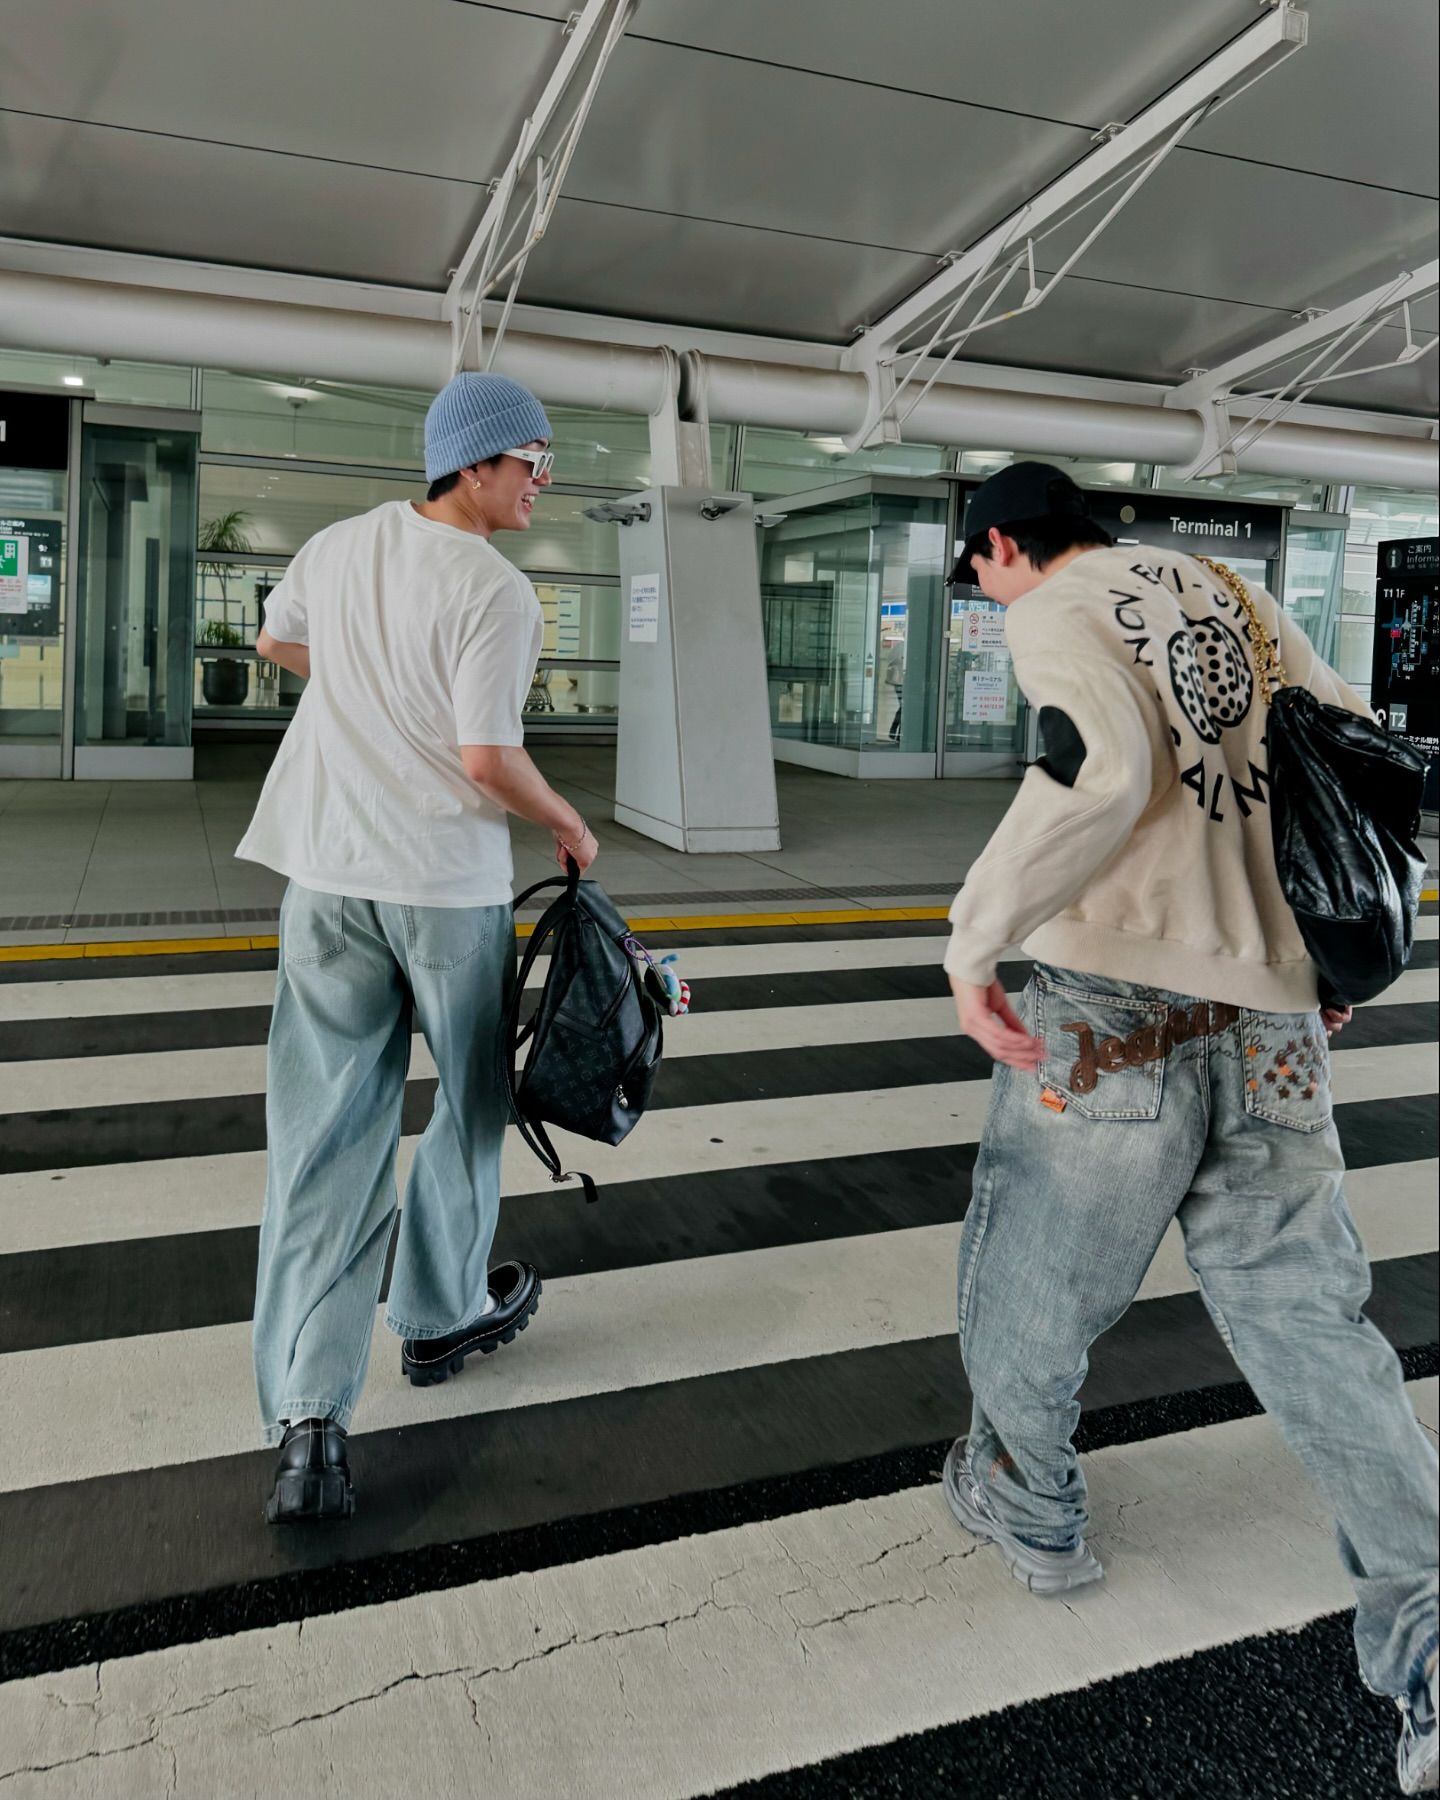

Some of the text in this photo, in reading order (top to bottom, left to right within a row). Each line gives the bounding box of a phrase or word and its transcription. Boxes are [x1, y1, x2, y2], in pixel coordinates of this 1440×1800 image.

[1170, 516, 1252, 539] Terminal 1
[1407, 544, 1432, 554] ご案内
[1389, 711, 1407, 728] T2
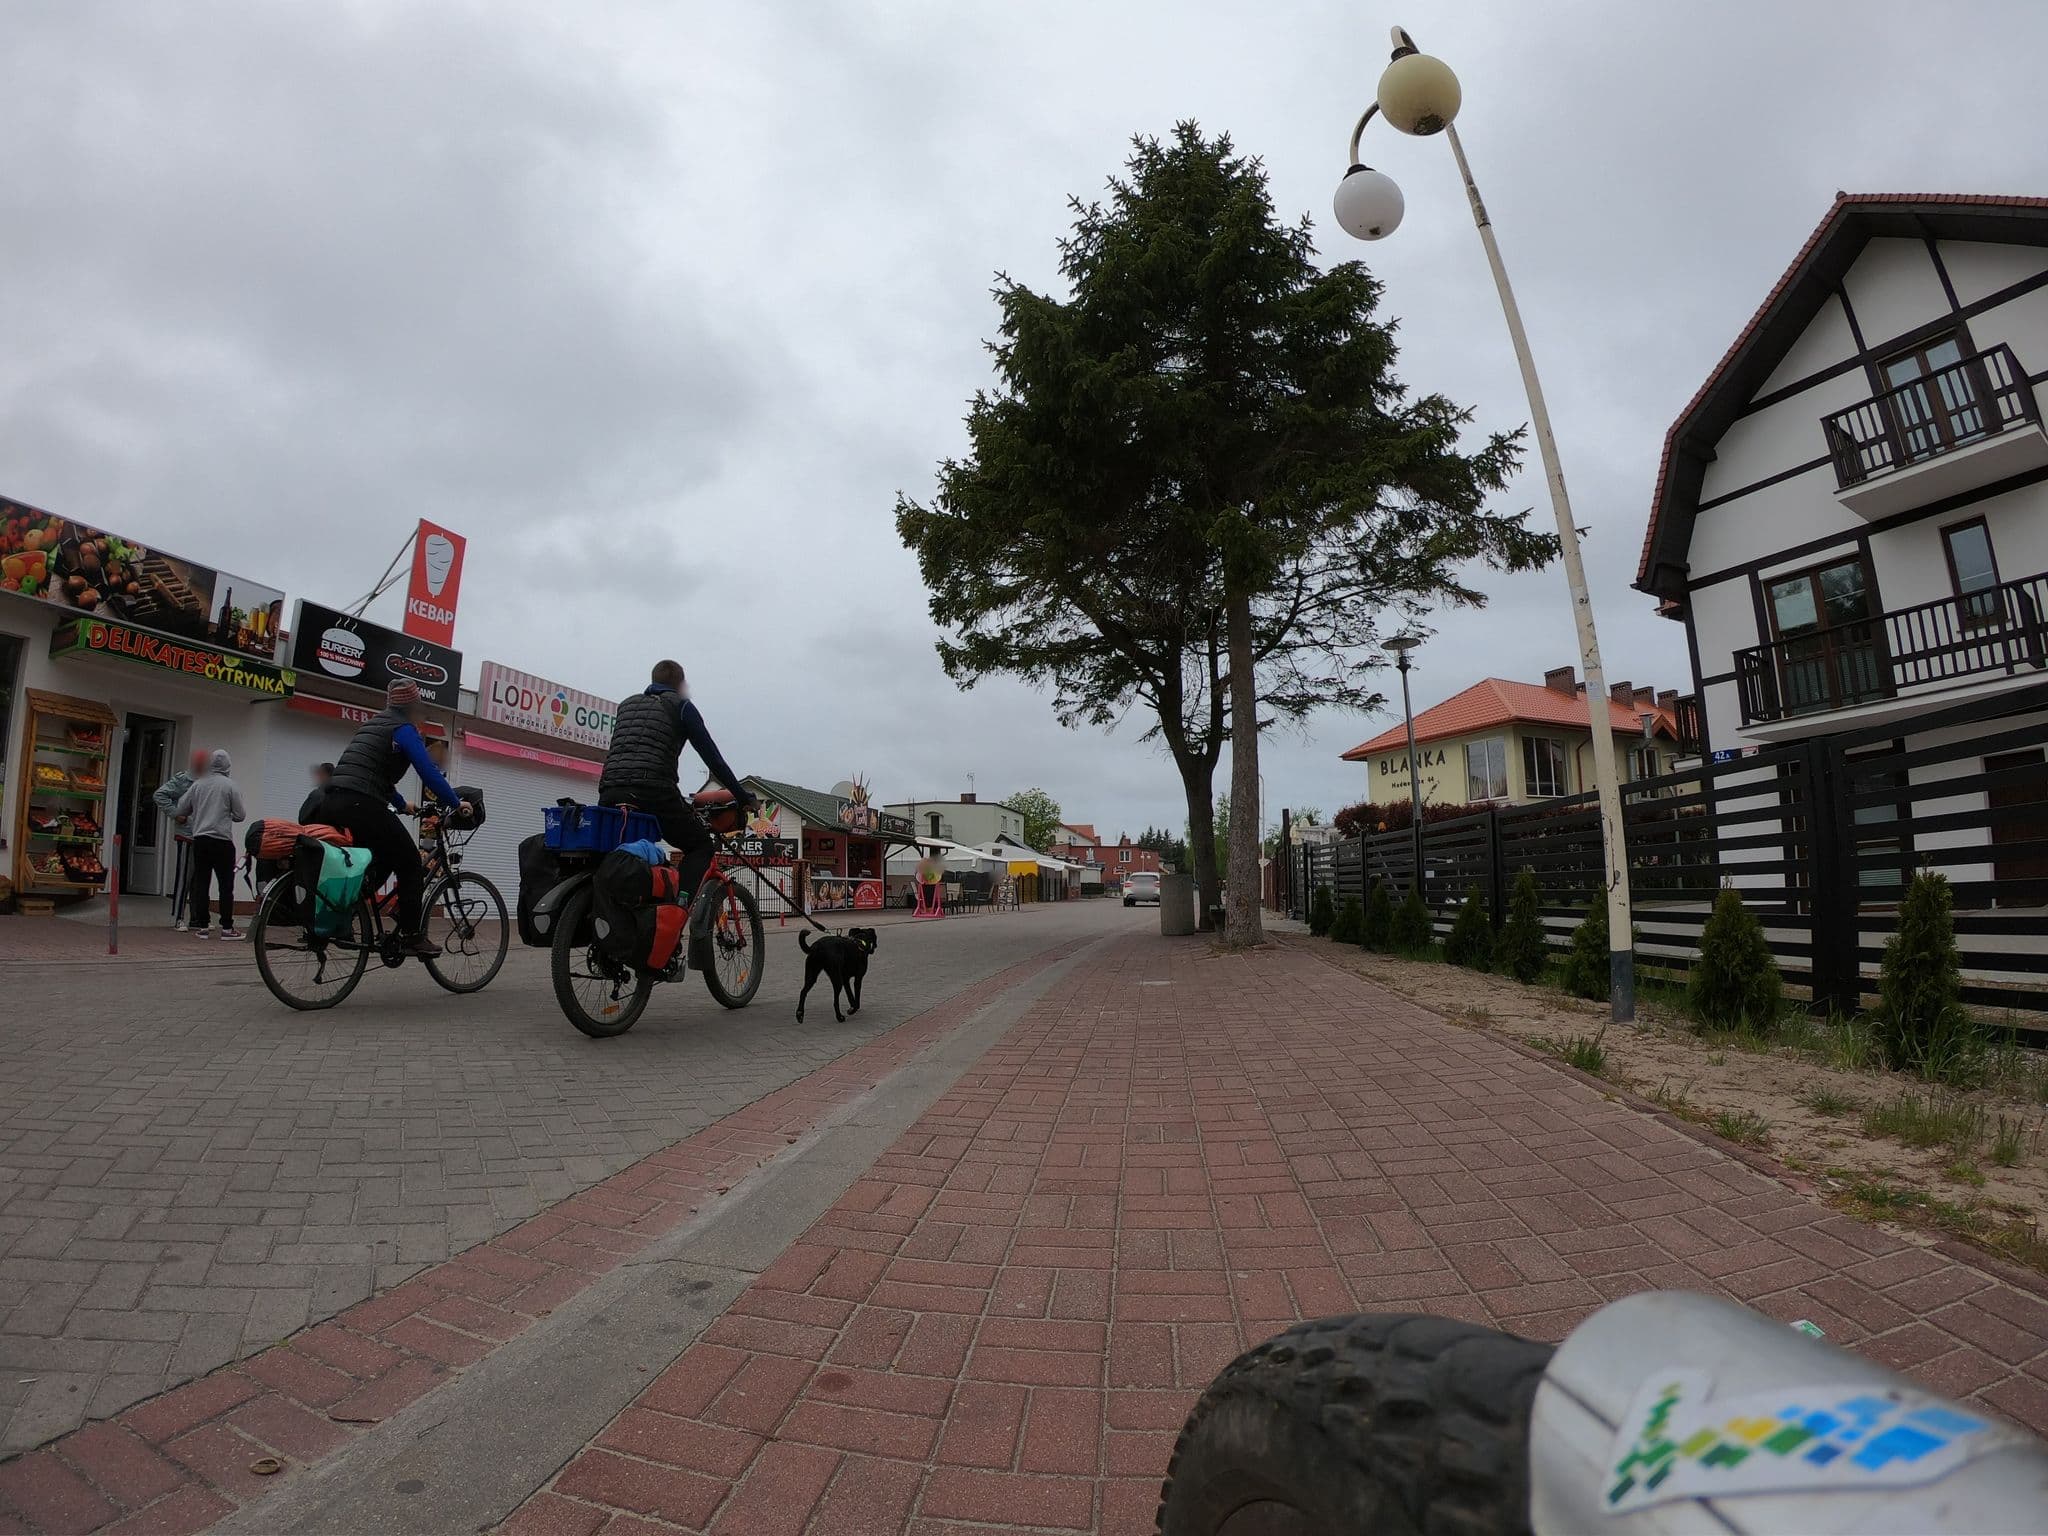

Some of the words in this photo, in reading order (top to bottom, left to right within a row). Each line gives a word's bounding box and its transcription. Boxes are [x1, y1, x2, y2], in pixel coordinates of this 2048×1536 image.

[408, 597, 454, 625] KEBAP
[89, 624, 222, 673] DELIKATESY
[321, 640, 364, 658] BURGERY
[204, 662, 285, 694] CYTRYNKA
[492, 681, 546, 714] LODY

⁂

### WHAT IS EXPECTED
What is needed is a word-for-word copy of the records above, excluding pictures.

### ANSWER BOX
Some of the text in this photo, in reading order (top to bottom, left to right within a row). Each line gives the bounding box of a phrase or word and its transcription. Boxes are [x1, y1, x2, y2], in pixel coordinates of this 1440×1800 image.

[1170, 516, 1252, 539] Terminal 1
[1407, 544, 1432, 554] ご案内
[1389, 711, 1407, 728] T2

Some of the words in this photo, in reading order (top to bottom, left to right within a row). Each line gives a word's bounding box and its transcription. Boxes are [x1, y1, x2, y2], in pixel coordinates of this 2048×1536 image.

[408, 597, 454, 625] KEBAP
[89, 624, 222, 673] DELIKATESY
[321, 640, 364, 658] BURGERY
[204, 662, 285, 694] CYTRYNKA
[492, 681, 546, 714] LODY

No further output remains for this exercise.